The warriors then had to carry two five-gallon, water-filled jugs about 100 meters down around a traffic cone and back again. Then they fired 22 rounds with their rifle, cleared intended misfires, repeated the water jug carry, then performed 25 more “burpees” and finally 22 more rounds with a 9mm pistol to complete the event.

Martin finished this event several minutes ahead of his closest rival and left the range with an ear-to-ear grin shouting, “Piece of cake! Next time make it harder!”

Competitors closed the day out with a land navigation course where they had to find five points in an hour and a half or less.

Chief Master Sgt. Denise Jelinski-Hall, senior enlisted advisor to the chief of the National Guard Bureau, observed the day’s activities and congratulated the competitors for their participation and cooperation and provided a bit of motivation.
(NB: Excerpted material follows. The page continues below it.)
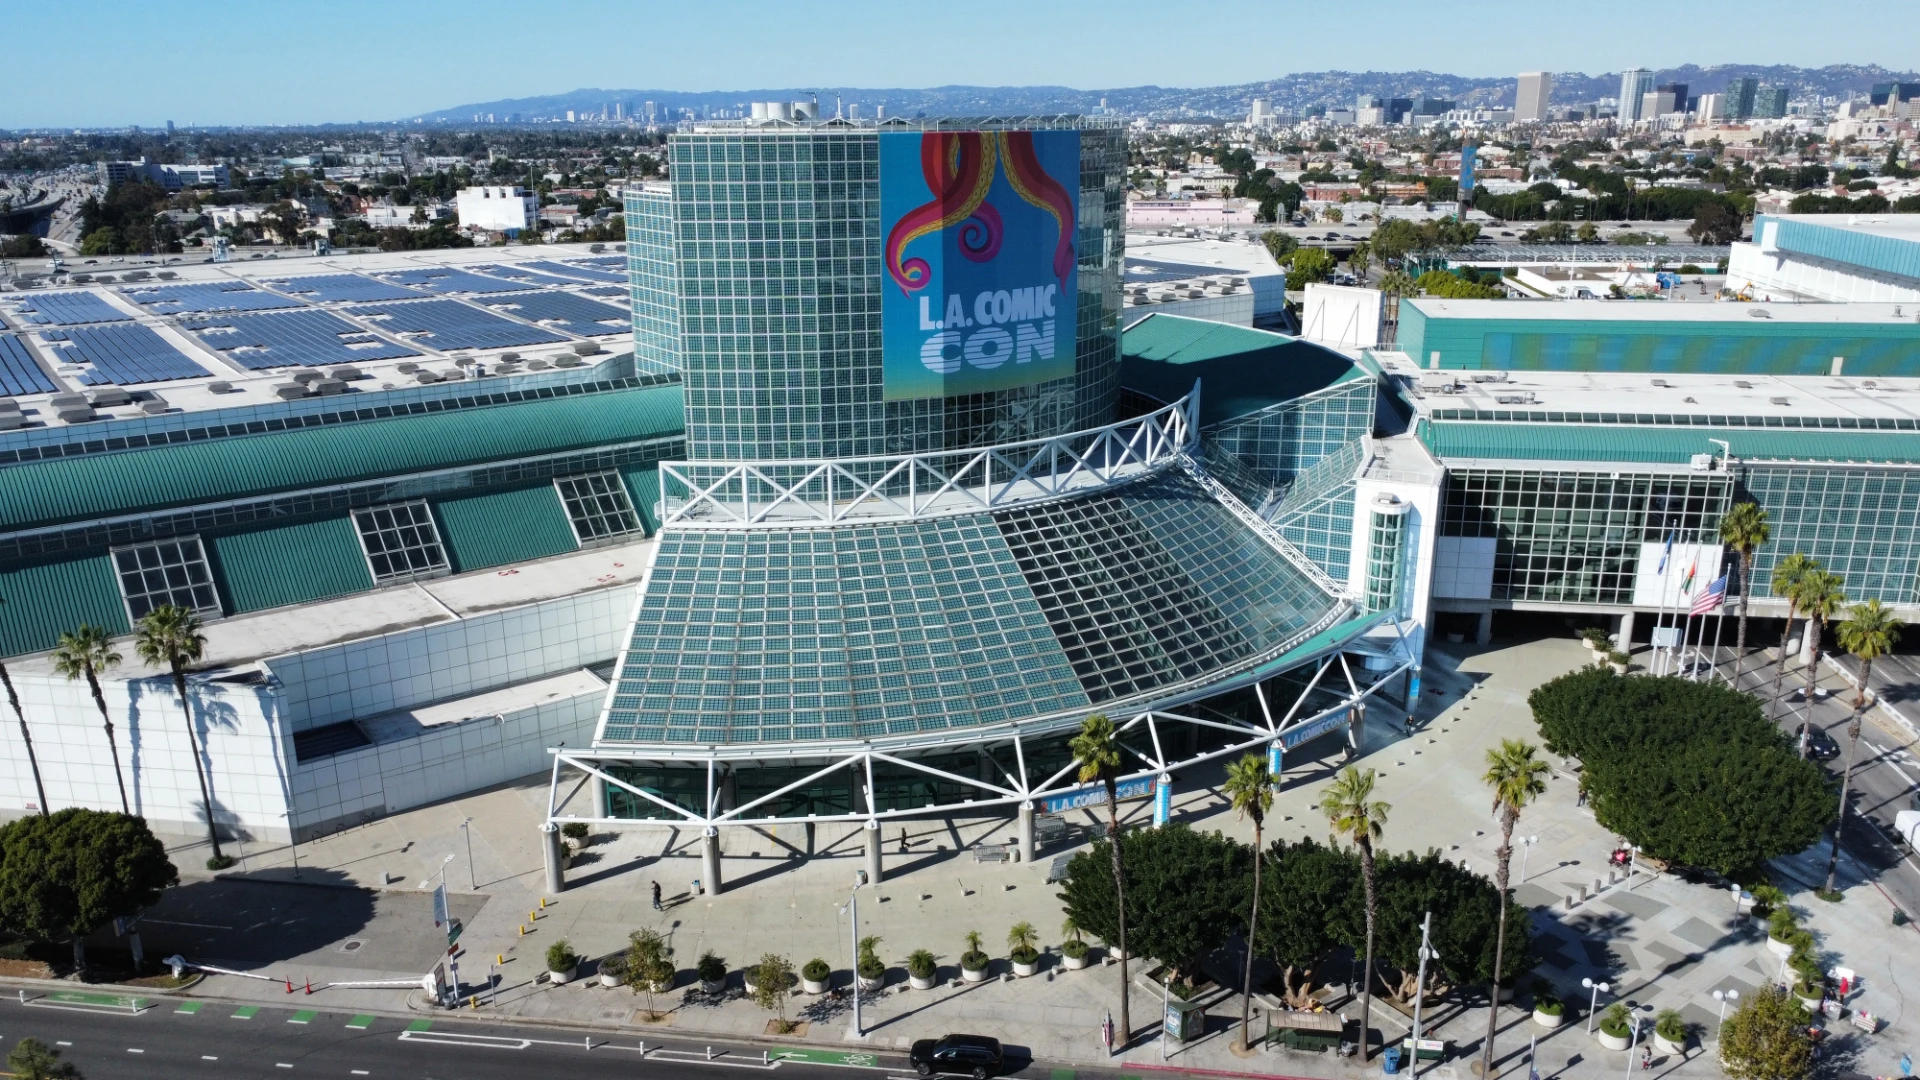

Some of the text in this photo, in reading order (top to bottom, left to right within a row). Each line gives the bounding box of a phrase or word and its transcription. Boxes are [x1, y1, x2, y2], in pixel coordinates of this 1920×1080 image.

[920, 284, 1056, 330] L.A. COMIC
[920, 320, 1056, 374] CON
[1325, 713, 1345, 730] CON
“What it’s going to take to win this competition is--when you’re exhausted and you have nothing left, you dig down deep, and find that one percent more,” she said. That one degree of effort will make all the difference. “It will set you apart from being a competitor to being a winner. You are making history by participating in this first Joint Best Warrior Competition.”

The last day of the contest began with a timed run through an obstacle course. Names like “The Tough One” aptly describes the eight-obstacle course made more difficult for this competition as the contestants had to perform different callisthenic exercises before assaulting each obstacle. The clear winner of this event was Tarango, nicknamed “Spiderman” by his comrades. He completed the course in a staggering 10 minutes and 27 seconds.
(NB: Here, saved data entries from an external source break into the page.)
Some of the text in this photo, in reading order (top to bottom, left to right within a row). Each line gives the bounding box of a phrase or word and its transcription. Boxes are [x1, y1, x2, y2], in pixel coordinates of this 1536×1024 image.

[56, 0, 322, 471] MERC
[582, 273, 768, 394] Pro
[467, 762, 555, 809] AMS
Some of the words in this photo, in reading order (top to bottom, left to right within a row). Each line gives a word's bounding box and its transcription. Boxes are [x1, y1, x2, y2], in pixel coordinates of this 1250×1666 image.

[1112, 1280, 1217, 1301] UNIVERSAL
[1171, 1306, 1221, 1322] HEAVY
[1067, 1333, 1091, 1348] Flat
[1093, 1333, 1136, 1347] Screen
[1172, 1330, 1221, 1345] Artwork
“I believe the personal pride is what’s driving each one of these contestants here,” said Command Chief Master Sgt. Kevin O’Gorman, the Texas Air National Guard’s State Command Chief Master Sergeant. “The old idea of one weekend a month and 15 days a year is long gone. All of our [competitors] here today are not only traditional Guardsmen but true warriors in a war fighting machine for the United States.”
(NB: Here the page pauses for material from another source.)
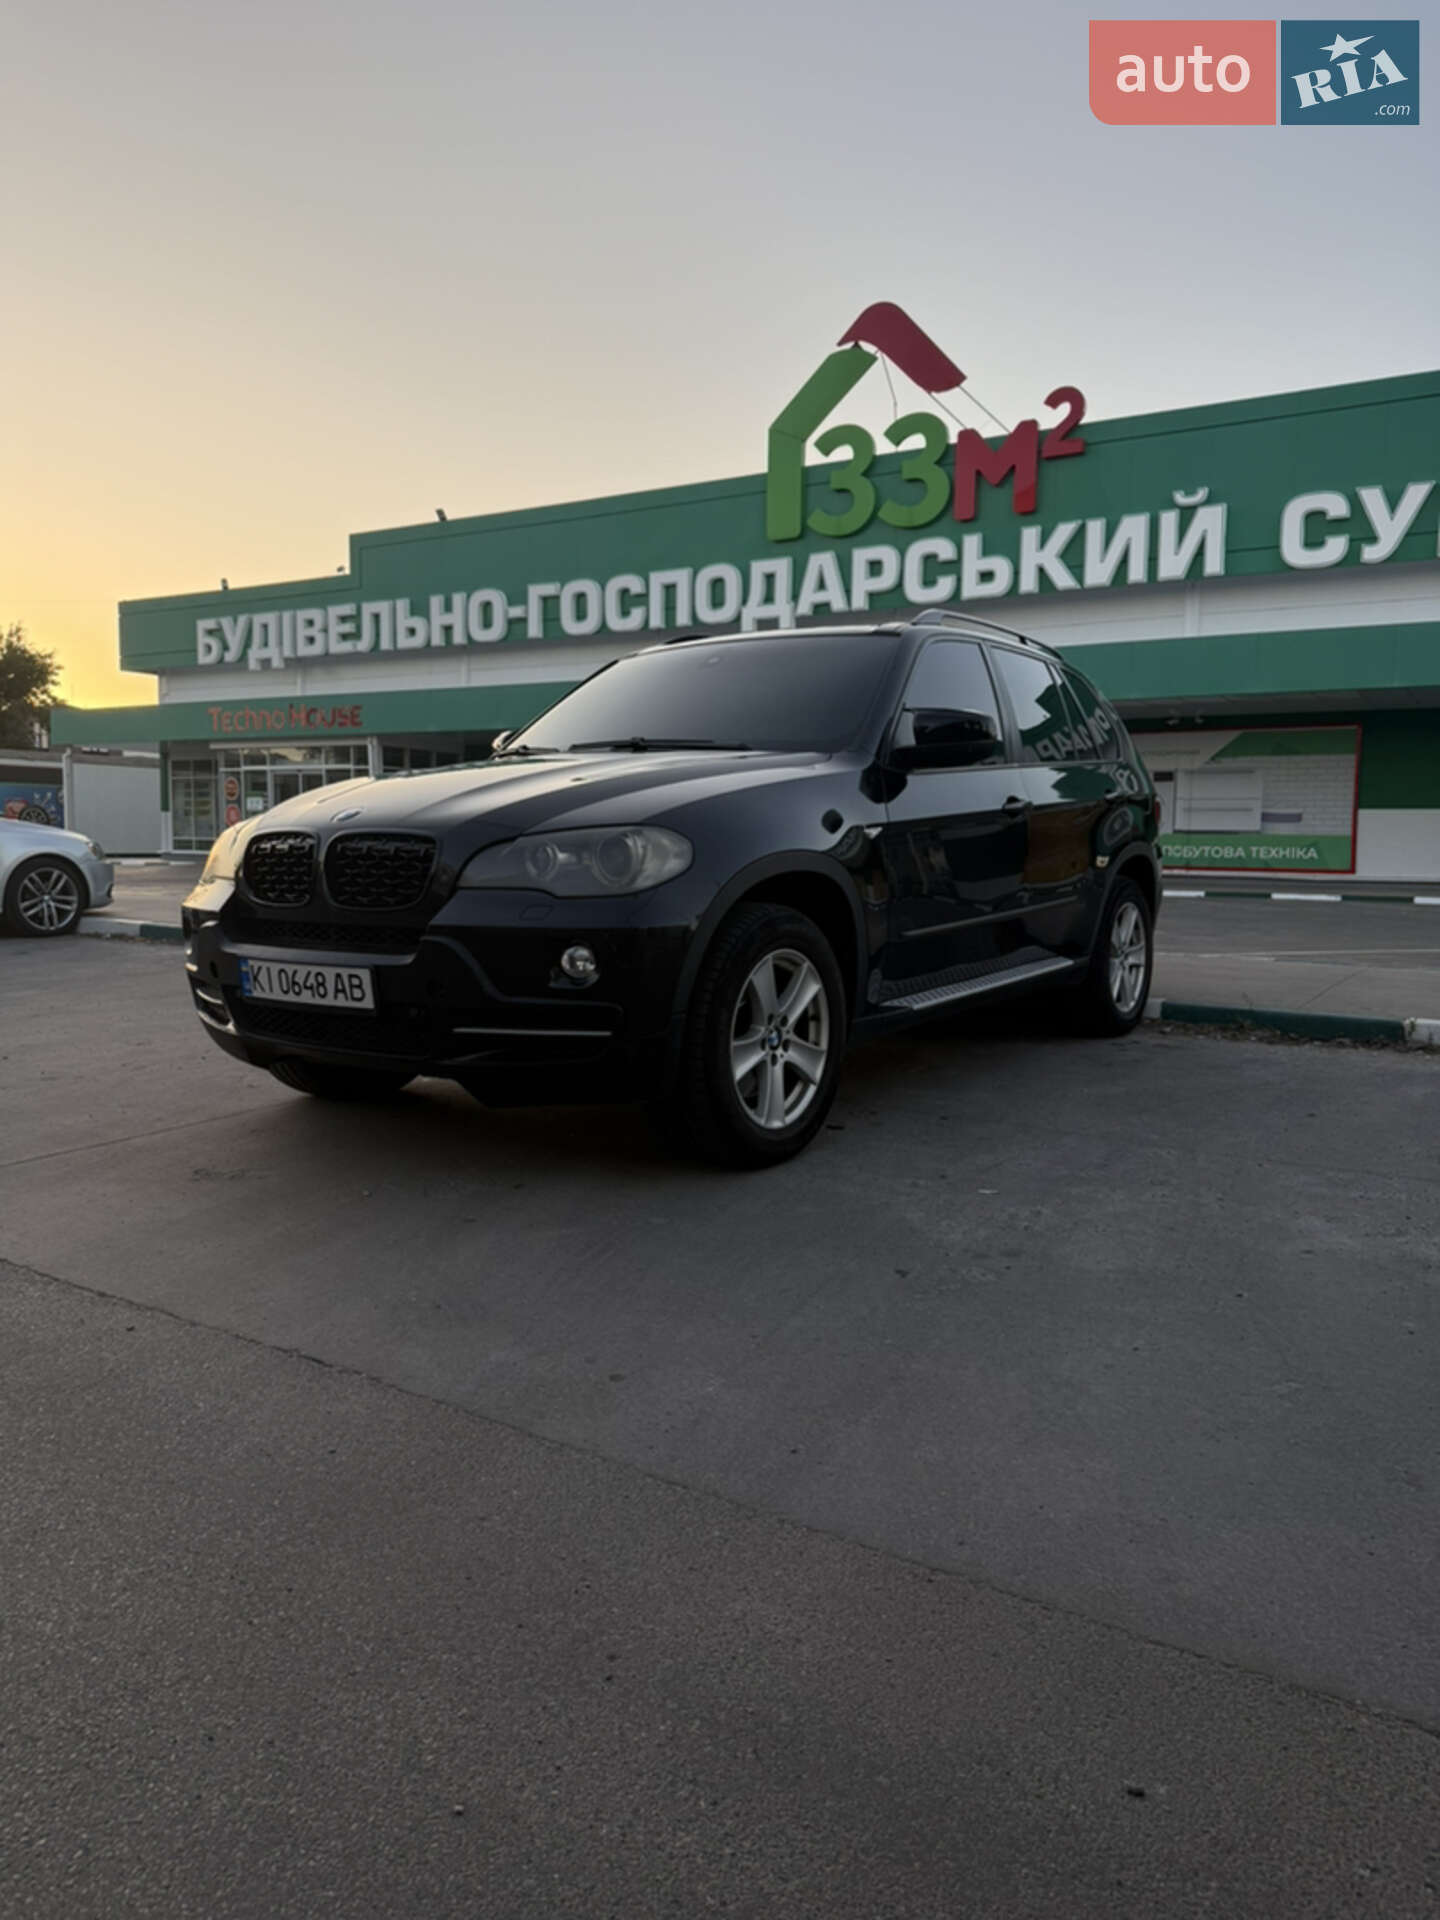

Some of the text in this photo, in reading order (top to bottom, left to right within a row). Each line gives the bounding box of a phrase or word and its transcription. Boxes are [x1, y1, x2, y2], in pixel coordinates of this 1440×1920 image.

[1279, 479, 1440, 570] СУ
[1249, 846, 1319, 860] ТЕХНІКА
[278, 968, 328, 999] 0648
Following completion of the obstacle course, the contestants had to complete several warrior tasks such as perform first-aid on a casualty and reassemble a 50-caliber machine gun. The soldiers and airmen closed out the day answering a volley of questions in a hand-written essay and an appearance board in their dress uniform.

Spc. Armando Apodaca, with the Texas Army National Guard’s 71st Theater Information Operations Group, felt the competition would be a benefit to all personnel in uniform today.

“We should all do it,” Apodaca said. “I think we should all train to be the best warrior possible.”

The grueling, multi-day competition is designed to test the physical fitness, aptitude, ability, resilience and stamina of today’s uniformed personnel. The events and tests are warrior tasks and battle drills relevant to today’s operating environment.

“This competition shows that the Texas Military Forces are not only a wartime fighting machine,” said O’Gorman. “It is also the team for our state. We are there when you need us. We are there when we need to be for a disaster in our state or helping our citizens, because we are citizens of the state of Texas.”

The Army Guard winners of this contest will compete in the Department of the Army’s regional competition, which will also be held at Camp Swift this year. While Best Warrior is a competition, it is also the most extensive and intense training opportunities afforded any service member.

“My goal is that our competition gets so keen and tough here in Texas that we’ll win the National Guard competition and then we will win the Army’s Best Soldier Competition,” said Nichols. “That’s gonna be the Texas goal. So watch out because we’re coming!”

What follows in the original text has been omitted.